From the finding of the study it can also be inferred that in healthy individuals a deductive reasoning unlikely is segregated effortlessly from practical commonsense knowledge when practically meaningful content is added to the context.
This further implies to a degree that deductive reasoning in an ordinary communicative language is influenced by standards (i.e. norms) taken from commonsense of mutual beliefs. Along with a question whether such standards can be absolutely identical among all individuals, this interestingly highlights the uncertain nature of the languages used in human communications. The uncertainty, however, does not necessarily affect probabilistic reasoning with numerical content. In fact, distinct usage of right and left hemispheres of the brain during deductive and probabilistic reasoning has been confirmed by positron emission tomography (PET) (Person and Osherson, 2001: Cerebral Cortex, 11:954-965); therefore the two reasoning process can be assumed not to be same.
Hence putting aside the probabilistic reasoning, the idea that language-based deductive reasoning somewhat relies on commonsense leaves us with a question on how reliable factual accuracy of conceptual worlds held by individuals or by groups relative to the absolute world as it is, unless the commonsense strictly reflect whole truths.
As often as not, a thought processing might be influenced by and relies upon an accepted standard of normality existing in each society.

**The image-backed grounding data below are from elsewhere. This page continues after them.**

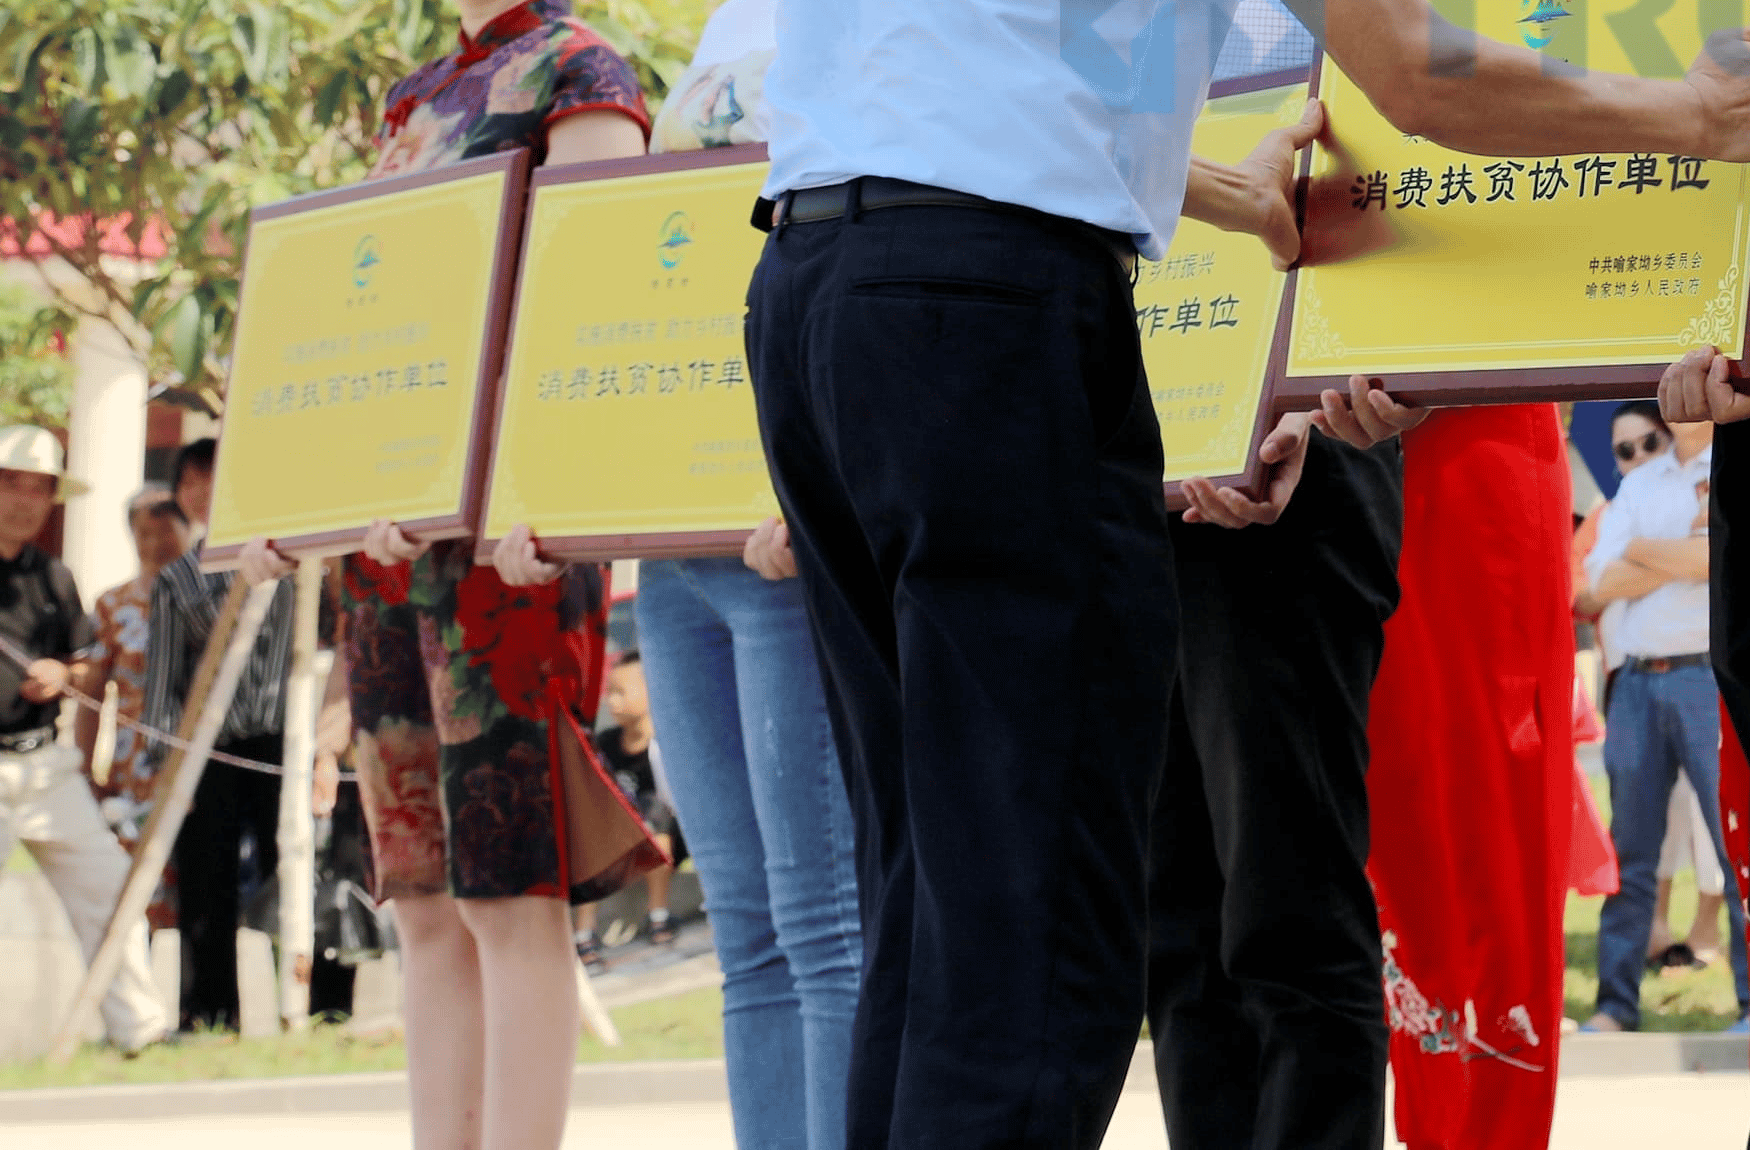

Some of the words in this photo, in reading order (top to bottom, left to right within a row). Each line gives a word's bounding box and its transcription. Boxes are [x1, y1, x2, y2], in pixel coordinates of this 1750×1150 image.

[1349, 152, 1711, 213] 消费扶贫协作单位
[1588, 251, 1703, 275] 中共喻家坳乡委员会
[1585, 277, 1701, 299] 喻家坳乡人民政府
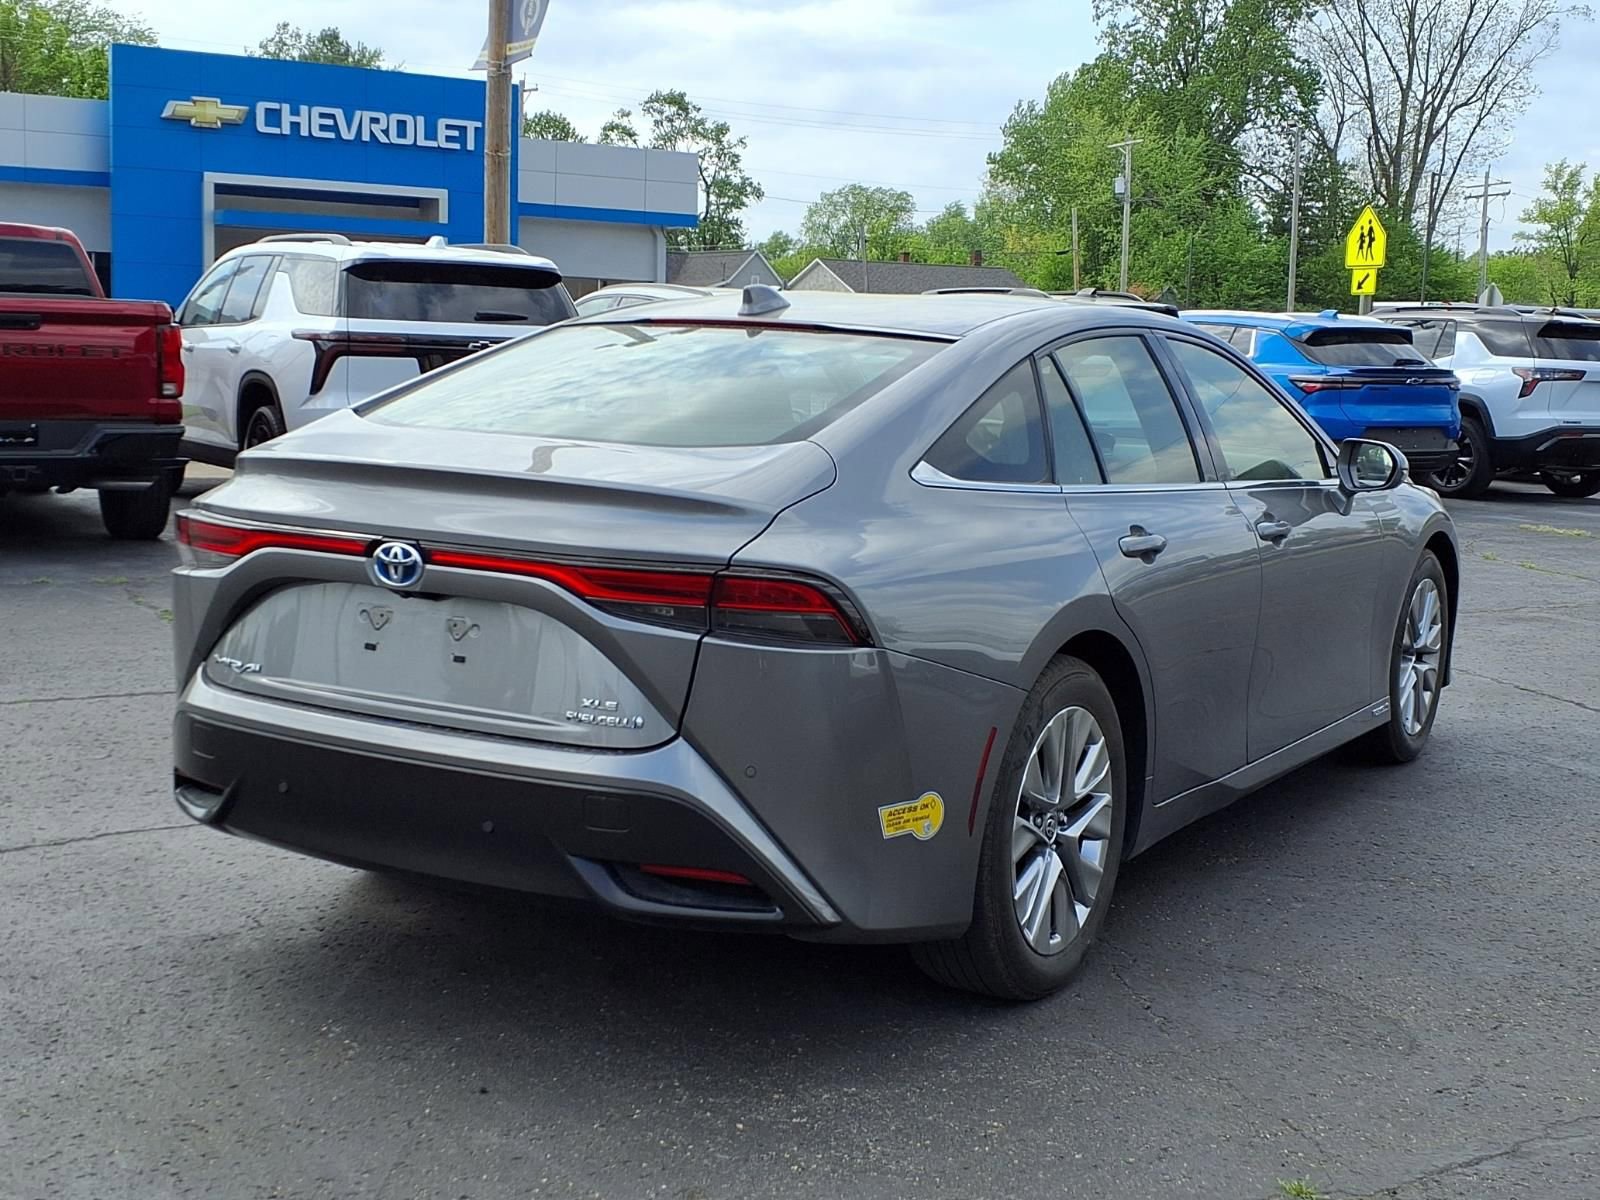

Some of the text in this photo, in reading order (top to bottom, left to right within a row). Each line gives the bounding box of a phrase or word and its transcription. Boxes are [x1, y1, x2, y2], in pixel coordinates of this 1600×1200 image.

[255, 101, 483, 150] CHEVROLET
[581, 698, 618, 711] XLE
[887, 803, 930, 817] ACCESS OK

Ever since being born, a human steadily accumulates and updates information through observations and experiences of own as well as by the others communicating with. By doing so, a world remains being constructed in each person, in a manner the world is compatible with those of the others around (and of beyond with extended communications). The world is ordinarily malleable for cultural progresses, fluctuating tendencies of human behaviours, and dynamic nature of the physical world wherein the one resides.

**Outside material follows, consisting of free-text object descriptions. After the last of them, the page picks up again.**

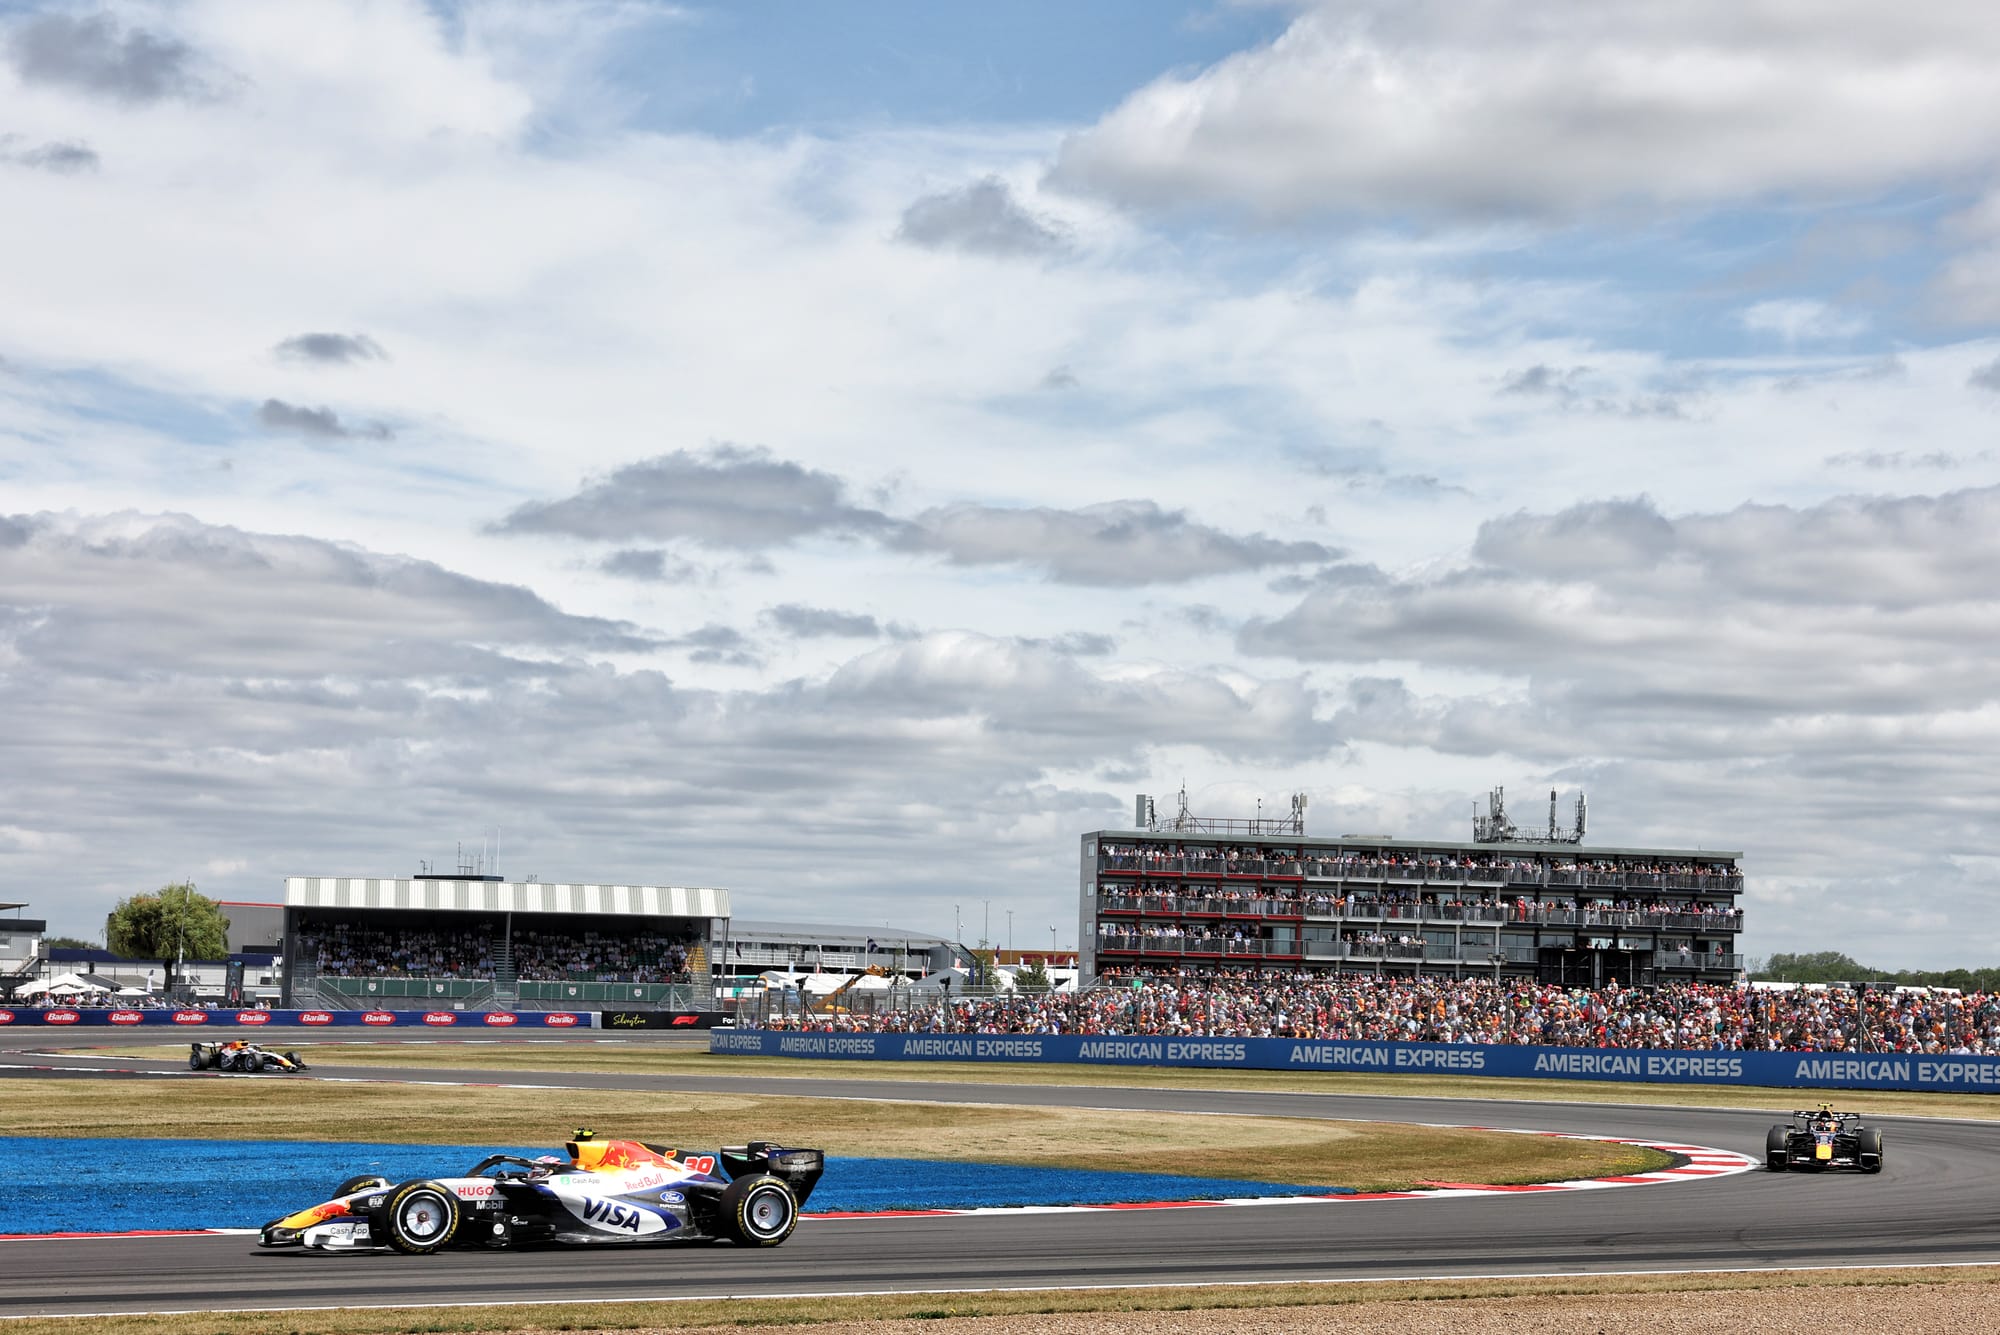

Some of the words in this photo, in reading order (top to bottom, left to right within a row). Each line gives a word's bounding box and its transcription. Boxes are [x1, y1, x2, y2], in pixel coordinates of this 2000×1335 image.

[48, 1013, 76, 1021] Barilla
[111, 1013, 139, 1021] Barilla
[240, 1014, 267, 1022] Barilla
[303, 1014, 329, 1022] Barilla
[365, 1014, 391, 1022] Barilla
[427, 1014, 453, 1022] Barilla
[488, 1015, 514, 1023] Barilla
[548, 1016, 575, 1024] Barilla
[729, 1035, 762, 1050] EXPRESS
[780, 1037, 825, 1053] AMERICAN
[828, 1038, 875, 1054] EXPRESS
[903, 1039, 972, 1055] AMERICAN
[976, 1040, 1042, 1057] EXPRESS
[1079, 1042, 1162, 1059] AMERICAN
[1167, 1043, 1246, 1061] EXPRESS
[1289, 1045, 1388, 1065] AMERICAN
[1395, 1048, 1485, 1069] EXPRESS
[1534, 1053, 1640, 1074] AMERICAN
[1647, 1056, 1743, 1077] EXPRESS
[1795, 1060, 1910, 1081] AMERICAN
[685, 1156, 715, 1175] 30
[625, 1181, 645, 1191] Red
[645, 1173, 664, 1186] Bull
[458, 1186, 495, 1196] HUGO
[476, 1200, 504, 1210] Mobil
[582, 1195, 641, 1233] VISA
[330, 1227, 350, 1235] Cash
[351, 1227, 368, 1236] App

Sometimes, a collective of human thoughts can emerge as an obscure assumption made by coincidences correlated with invalid logic, mostly based on and enhanced by speculative imaginations: rumours, myths and superstitions are obvious examples of such suppositions, which often stem from various emotions including fear, anxiety, hope and desire.
As we tend to take in words and exchange ideas that appeal to oneself as acceptable by so-called “gut feelings” instinctively, often without verifying factual accuracy, nor fully comprehending the meaning of it, various presumptions seep through everyday life.
Language itself is an immediate derivative of human culture and communications; unlike numbers and symbols governed by strict rules, its style, composition, and even meanings held by each word can be malleable to some extent. The uncertain nature of language was previously enquired by Ludvig Wittgenstein, and readers are referred to his study entitled Philosophical Investigation, originally published in 1953 (Blackwell publishing Ltd.), for more information on this matter in detail.
Since no individuals are free from cultural influences, we are all more or less susceptible to hold biased opinions, idiosyncratic beliefs and misapprehensions to various degrees. It therefore is useful now and again to remind ourselves to perform “reality check”, by going outside of a box to objectively oversee own social and cultural beliefs and commonsense from a standpoint of an outsider. For this purpose, there is an advantage of being in a multicultural society, for that would enable one to encounter different cultures in lively circumstances, thereby allowing cultural comparisons to be made whenever one wishes to engage with other cultures.
In comparison, certain delusional beliefs such as superstitions often remain preserved meaningfully in a more relatively closed, monocultural society, in which people live largely on assumption and expectation that others around them are alike to themselves for mutual commonsense and shared cultural beliefs. For that reason, less effort is likely made between them for precision and clarity in communications.
This point might need an attention if the mighty power of commonsense is to cloud simple logical deduction: what could be the worst possible consequence? A society or a group of people could end up holding a mass delusion. It certainly has happened before many times.